▶ [Task to carry out]:
Return the entries below exactly as written.

▶ [Records]:

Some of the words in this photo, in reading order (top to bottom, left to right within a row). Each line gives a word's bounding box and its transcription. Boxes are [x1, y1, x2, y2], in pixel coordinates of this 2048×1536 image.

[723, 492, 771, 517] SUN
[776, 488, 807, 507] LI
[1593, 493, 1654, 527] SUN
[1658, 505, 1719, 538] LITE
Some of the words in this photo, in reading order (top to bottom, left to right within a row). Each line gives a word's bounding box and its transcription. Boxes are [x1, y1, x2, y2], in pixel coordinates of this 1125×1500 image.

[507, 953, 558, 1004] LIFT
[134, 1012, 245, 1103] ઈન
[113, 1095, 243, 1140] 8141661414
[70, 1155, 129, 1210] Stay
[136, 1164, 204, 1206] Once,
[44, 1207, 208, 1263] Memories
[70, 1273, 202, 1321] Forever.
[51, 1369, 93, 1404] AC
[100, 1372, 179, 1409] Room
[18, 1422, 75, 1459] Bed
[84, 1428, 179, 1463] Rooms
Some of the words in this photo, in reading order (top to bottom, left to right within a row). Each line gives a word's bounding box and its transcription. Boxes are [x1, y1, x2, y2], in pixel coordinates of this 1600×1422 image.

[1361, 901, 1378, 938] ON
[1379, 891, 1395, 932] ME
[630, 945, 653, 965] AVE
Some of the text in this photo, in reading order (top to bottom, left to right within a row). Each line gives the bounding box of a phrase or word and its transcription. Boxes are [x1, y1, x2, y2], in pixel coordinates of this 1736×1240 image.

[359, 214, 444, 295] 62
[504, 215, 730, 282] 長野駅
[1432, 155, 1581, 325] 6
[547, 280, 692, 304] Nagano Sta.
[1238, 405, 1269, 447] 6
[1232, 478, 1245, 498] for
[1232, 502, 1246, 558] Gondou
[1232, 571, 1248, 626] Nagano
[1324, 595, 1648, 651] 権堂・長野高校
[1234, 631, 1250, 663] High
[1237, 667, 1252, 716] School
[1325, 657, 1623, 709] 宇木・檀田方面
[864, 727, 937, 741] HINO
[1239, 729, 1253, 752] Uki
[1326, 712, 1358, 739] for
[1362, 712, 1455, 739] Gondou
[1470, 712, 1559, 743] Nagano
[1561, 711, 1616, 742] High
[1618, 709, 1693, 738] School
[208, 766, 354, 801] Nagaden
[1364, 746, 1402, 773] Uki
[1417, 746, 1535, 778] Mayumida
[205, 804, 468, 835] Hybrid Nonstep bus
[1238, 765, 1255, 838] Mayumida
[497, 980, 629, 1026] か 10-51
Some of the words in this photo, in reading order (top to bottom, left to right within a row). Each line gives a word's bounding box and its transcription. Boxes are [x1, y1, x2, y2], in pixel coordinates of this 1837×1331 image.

▶ [Result of the exercise]:
Some of the words in this photo, in reading order (top to bottom, left to right within a row). Each line gives a word's bounding box and its transcription. Boxes are [x1, y1, x2, y2], in pixel coordinates of this 2048×1536 image.

[723, 492, 771, 517] SUN
[776, 488, 807, 507] LI
[1593, 493, 1654, 527] SUN
[1658, 505, 1719, 538] LITE
Some of the words in this photo, in reading order (top to bottom, left to right within a row). Each line gives a word's bounding box and its transcription. Boxes are [x1, y1, x2, y2], in pixel coordinates of this 1125×1500 image.

[507, 953, 558, 1004] LIFT
[134, 1012, 245, 1103] ઈન
[113, 1095, 243, 1140] 8141661414
[70, 1155, 129, 1210] Stay
[136, 1164, 204, 1206] Once,
[44, 1207, 208, 1263] Memories
[70, 1273, 202, 1321] Forever.
[51, 1369, 93, 1404] AC
[100, 1372, 179, 1409] Room
[18, 1422, 75, 1459] Bed
[84, 1428, 179, 1463] Rooms
Some of the words in this photo, in reading order (top to bottom, left to right within a row). Each line gives a word's bounding box and its transcription. Boxes are [x1, y1, x2, y2], in pixel coordinates of this 1600×1422 image.

[1361, 901, 1378, 938] ON
[1379, 891, 1395, 932] ME
[630, 945, 653, 965] AVE
Some of the text in this photo, in reading order (top to bottom, left to right within a row). Each line gives the bounding box of a phrase or word and its transcription. Boxes are [x1, y1, x2, y2], in pixel coordinates of this 1736×1240 image.

[359, 214, 444, 295] 62
[504, 215, 730, 282] 長野駅
[1432, 155, 1581, 325] 6
[547, 280, 692, 304] Nagano Sta.
[1238, 405, 1269, 447] 6
[1232, 478, 1245, 498] for
[1232, 502, 1246, 558] Gondou
[1232, 571, 1248, 626] Nagano
[1324, 595, 1648, 651] 権堂・長野高校
[1234, 631, 1250, 663] High
[1237, 667, 1252, 716] School
[1325, 657, 1623, 709] 宇木・檀田方面
[864, 727, 937, 741] HINO
[1239, 729, 1253, 752] Uki
[1326, 712, 1358, 739] for
[1362, 712, 1455, 739] Gondou
[1470, 712, 1559, 743] Nagano
[1561, 711, 1616, 742] High
[1618, 709, 1693, 738] School
[208, 766, 354, 801] Nagaden
[1364, 746, 1402, 773] Uki
[1417, 746, 1535, 778] Mayumida
[205, 804, 468, 835] Hybrid Nonstep bus
[1238, 765, 1255, 838] Mayumida
[497, 980, 629, 1026] か 10-51
Some of the words in this photo, in reading order (top to bottom, left to right within a row). Each line gives a word's bounding box and its transcription. Boxes are [x1, y1, x2, y2], in pixel coordinates of this 1837×1331 image.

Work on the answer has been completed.